We’ll almost certainly be having some sort of a “help us move” event with food and merch for minion volunteers. If you’re a person with a strong back and think the idea of helping haul tons of books from a storage unit to a warehouse sounds like great fun, please email schlockmercenary@gmail.com to get onto the volunteer list. That way I can contact you when I know more details.

I’ve received word that the Tub of Happiness reprint has arrived in LA. Soon it will be on a truck bound for Utah. It will be the first thing delivered to our new location. So I’ll get to see how this works.

Angela is spending this week putting together the final art for Strength of Wild Horses. I expect to spend the lion’s share of next week putting together the Kickstarter page and generally preparing that project to launch. Once it launches I’ll need to do layout for the book and there will be lots of work to do to maintain and push the Kickstarter.

The Jay Wake Book has been sent off for what I believe will be the final test print. If this one looks good when it arrives, I’ll be making it available to the public.
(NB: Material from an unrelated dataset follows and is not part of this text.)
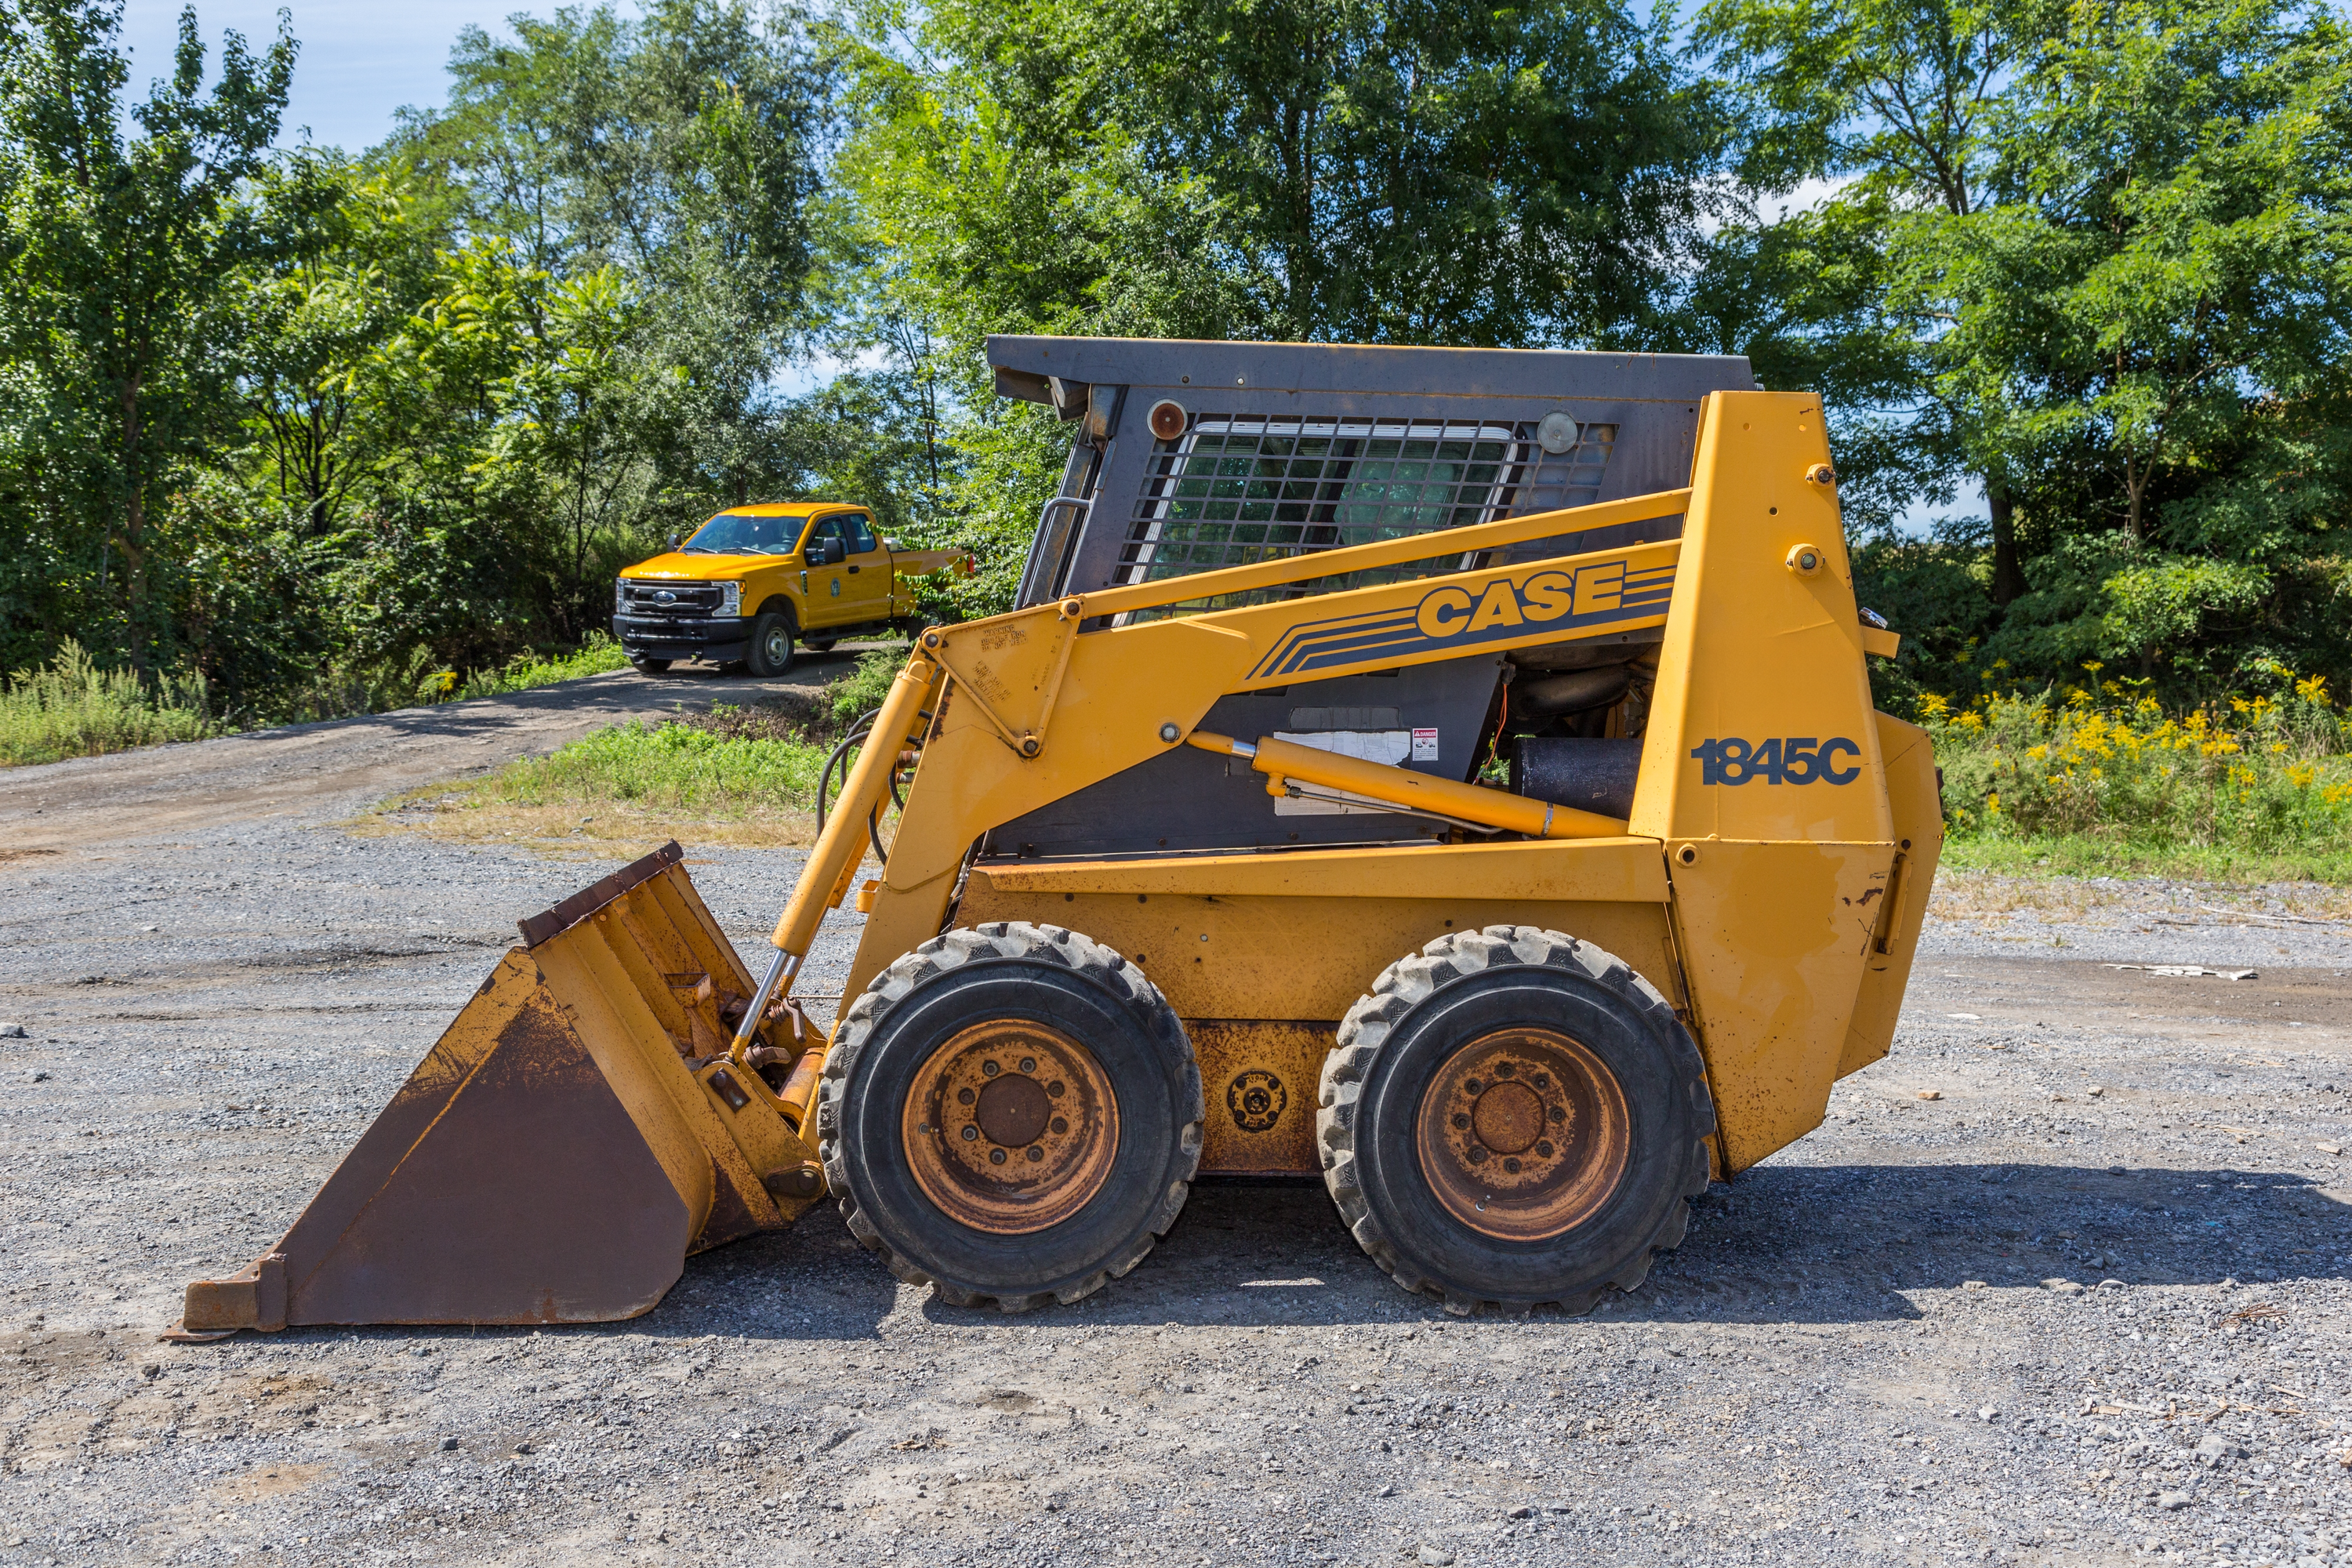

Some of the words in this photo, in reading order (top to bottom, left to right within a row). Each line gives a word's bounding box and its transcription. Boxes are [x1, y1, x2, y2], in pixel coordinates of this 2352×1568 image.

I’m in the middle of layout for Longshoreman of the Apocalypse. I have the recolored strips from Travis and am in the process of cropping them and checking for errors. So fare I’ve gone through about a quarter of them and identified two fixes. Then I’ve got to put them all into place in the book. The bonus story is completely scripted and drawn. I believe it is in Travis’ hands being colored. Hopefully we’ll have the whole thing bundled up and sent off for print soon.

Howard is working on the 2014 Schlock calendar. It is about a quarter complete. I’ll have to take a pause from prepping LOTA and Kickstarter to make sure I’ve got all the calendar layout in good shape. I have to update the handy holiday list and the pages themselves. This one needs to get off to print soon so that people can have their calendars before Christmas.

We also have promised to put together the Unofficial Anecdotal History of Challenge Coins. Editorial work on that project has not begun, but needs to.

On the home front, Link and Patch are needing regular homework support. Fortunately they’re both good workers and we’ve found a rhythm that works. Gleek is enjoying her year of almost complete freedom from homework. Kiki will be coming home to visit this weekend once we figure out if she can catch a ride with friends or if she needs to ride the bus.

Wow. Lots to do. I’d better get back to it.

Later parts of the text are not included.